_Prompt_. The pictures must be left out, while the rest of the data is copied exactly.

Extracted data entries
-*-*-

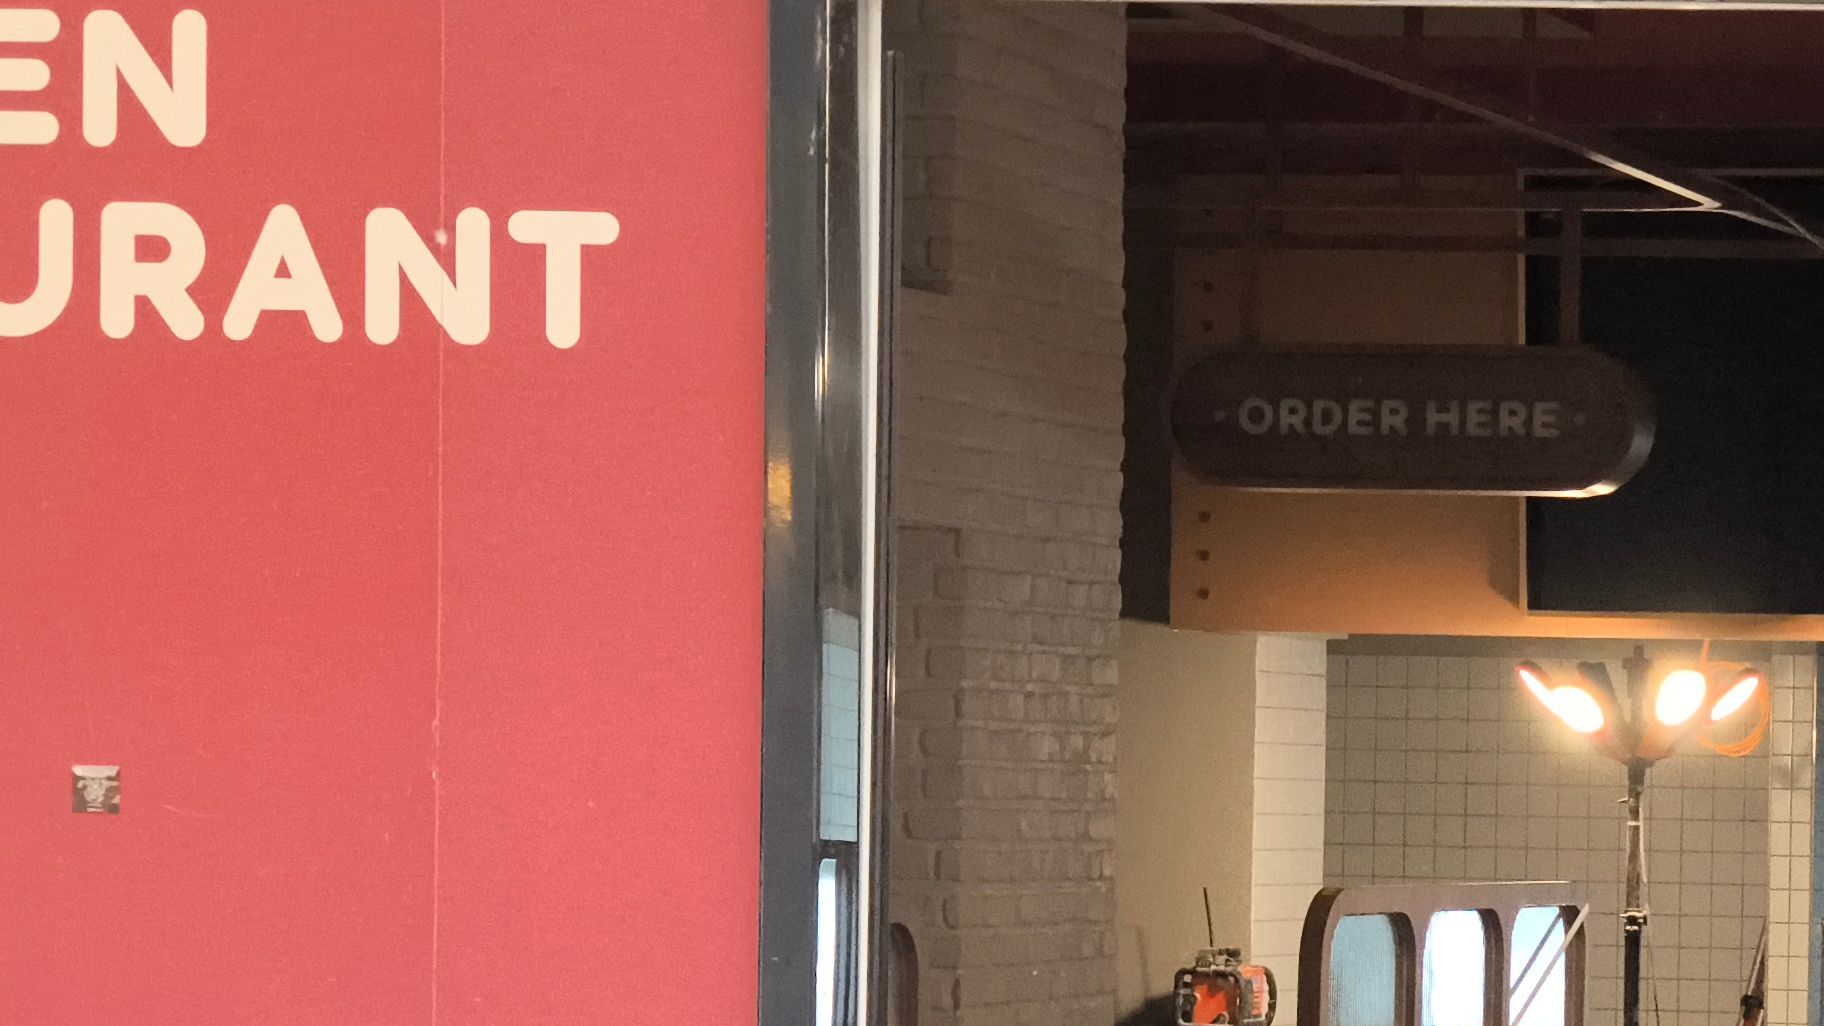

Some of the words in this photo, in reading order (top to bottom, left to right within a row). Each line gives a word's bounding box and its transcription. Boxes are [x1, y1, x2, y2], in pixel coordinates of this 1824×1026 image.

[0, 9, 207, 147] EN
[0, 199, 620, 349] URANT
[1237, 396, 1409, 437] ORDER
[1425, 399, 1561, 439] HERE
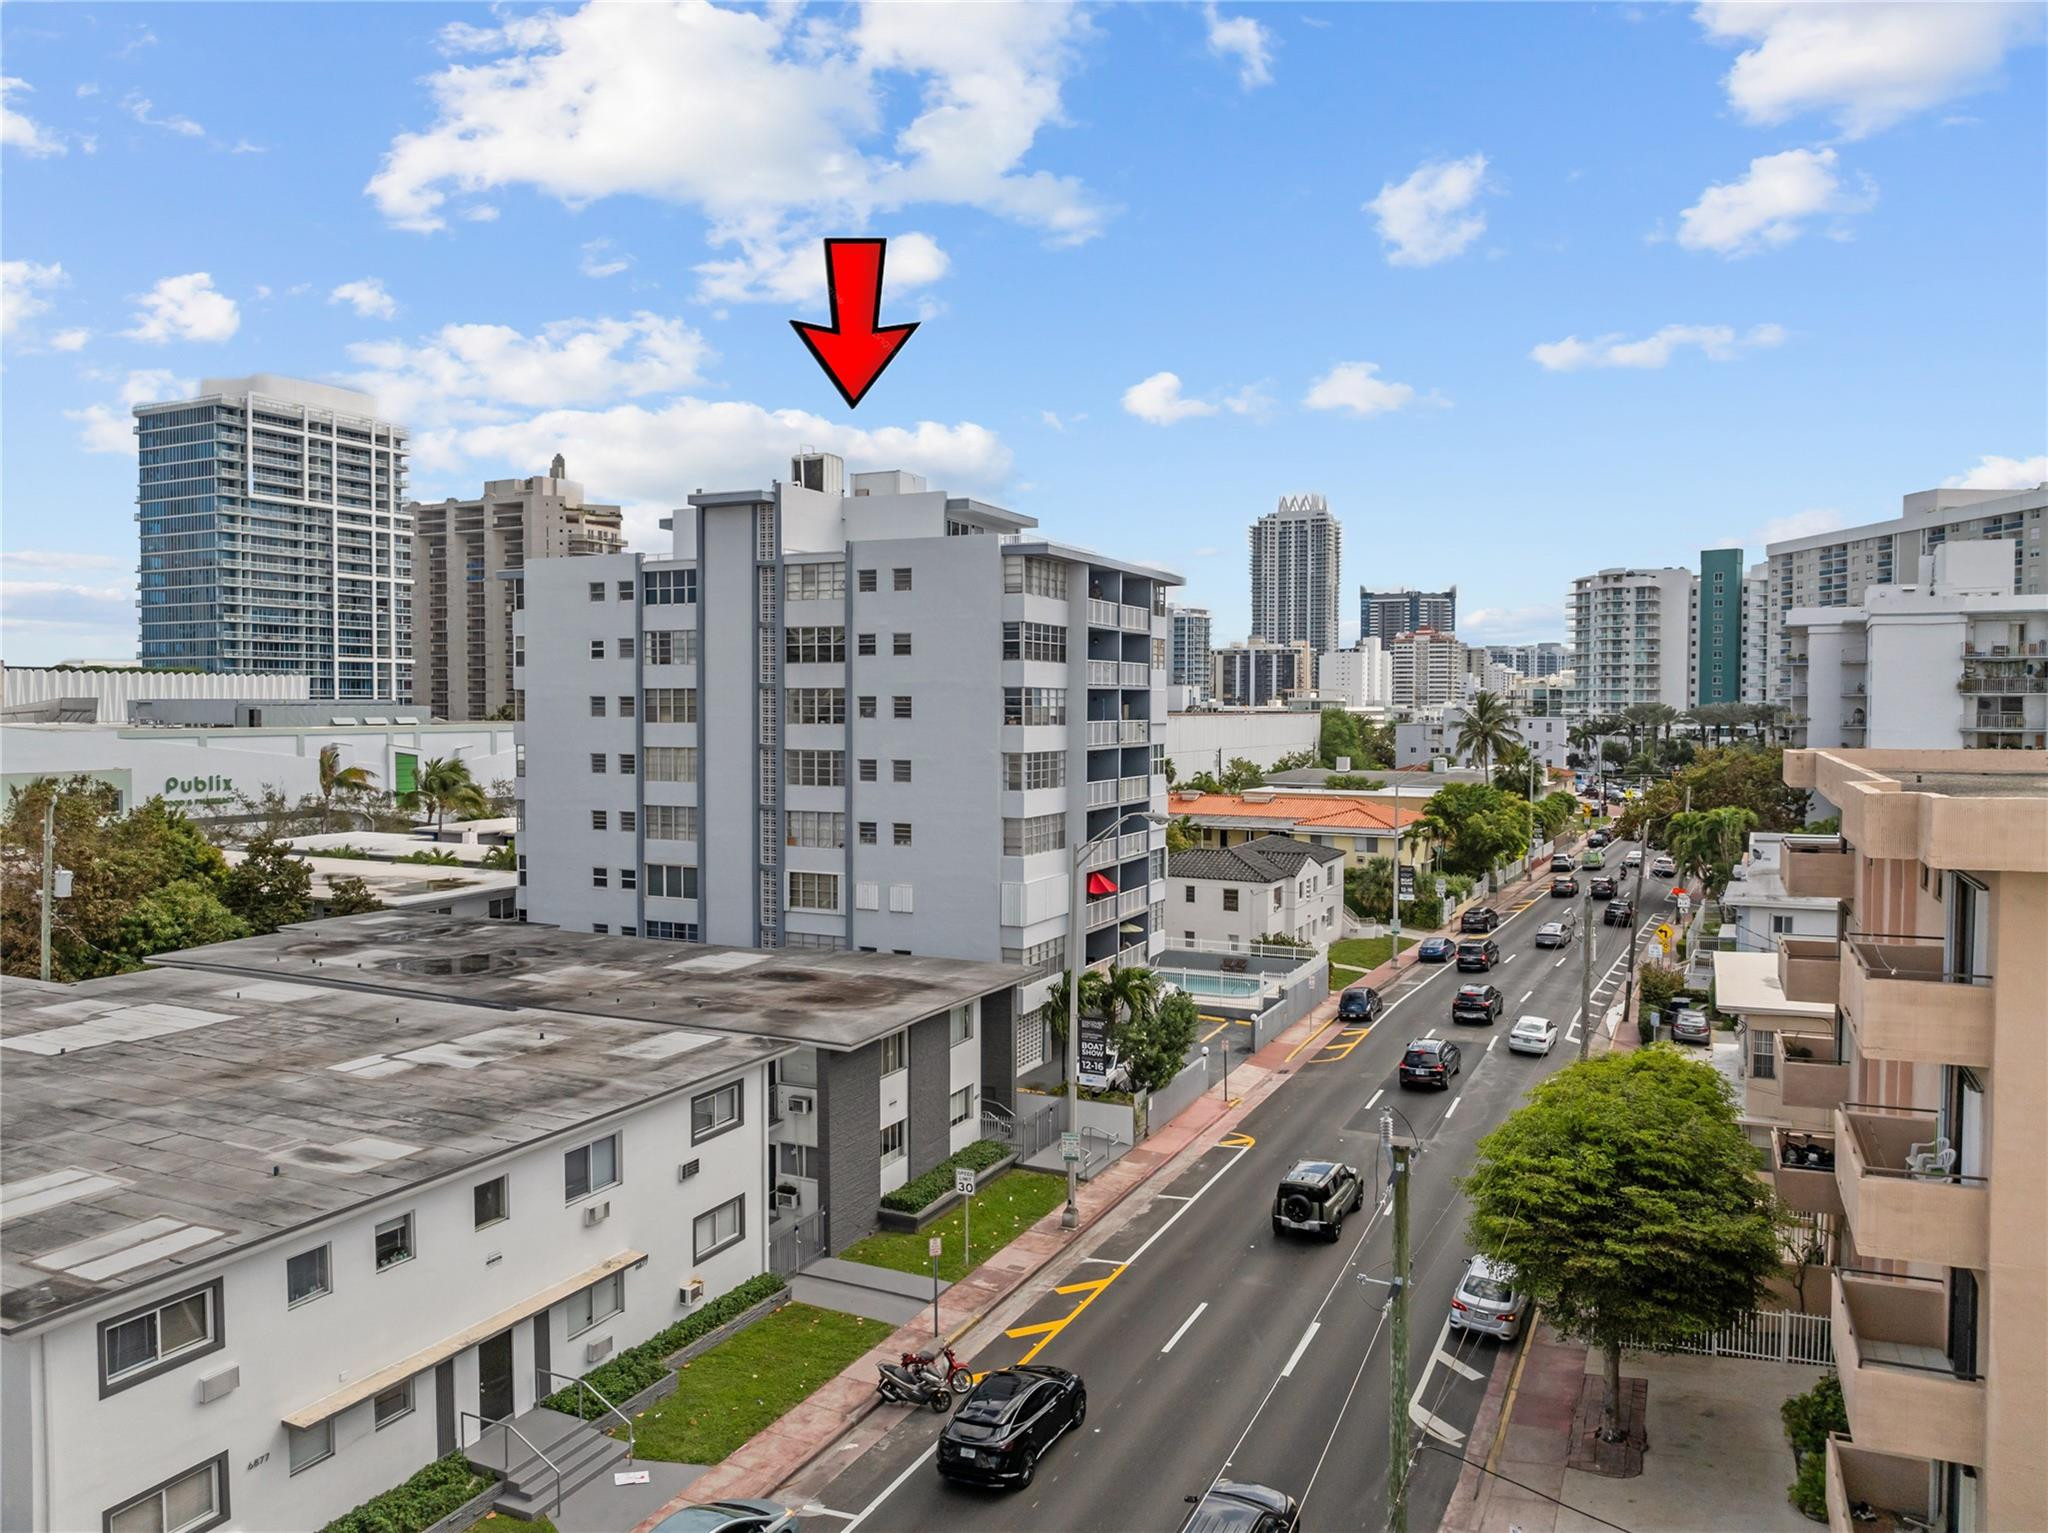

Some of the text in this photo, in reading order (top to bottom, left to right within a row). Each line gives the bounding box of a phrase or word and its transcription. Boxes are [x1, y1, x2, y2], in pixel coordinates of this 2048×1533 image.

[165, 775, 232, 794] Publix
[1081, 1041, 1104, 1051] BOAT
[1081, 1048, 1104, 1058] SHOW
[958, 1181, 974, 1193] 30

-*-*-

_Worked solution_.
Some of the words in this photo, in reading order (top to bottom, left to right within a row). Each line gives a word's bounding box and its transcription. Boxes are [x1, y1, x2, y2], in pixel coordinates of this 1824×1026 image.

[0, 9, 207, 147] EN
[0, 199, 620, 349] URANT
[1237, 396, 1409, 437] ORDER
[1425, 399, 1561, 439] HERE

Some of the text in this photo, in reading order (top to bottom, left to right within a row). Each line gives the bounding box of a phrase or word and its transcription. Boxes are [x1, y1, x2, y2], in pixel coordinates of this 2048×1533 image.

[165, 775, 232, 794] Publix
[1081, 1041, 1104, 1051] BOAT
[1081, 1048, 1104, 1058] SHOW
[958, 1181, 974, 1193] 30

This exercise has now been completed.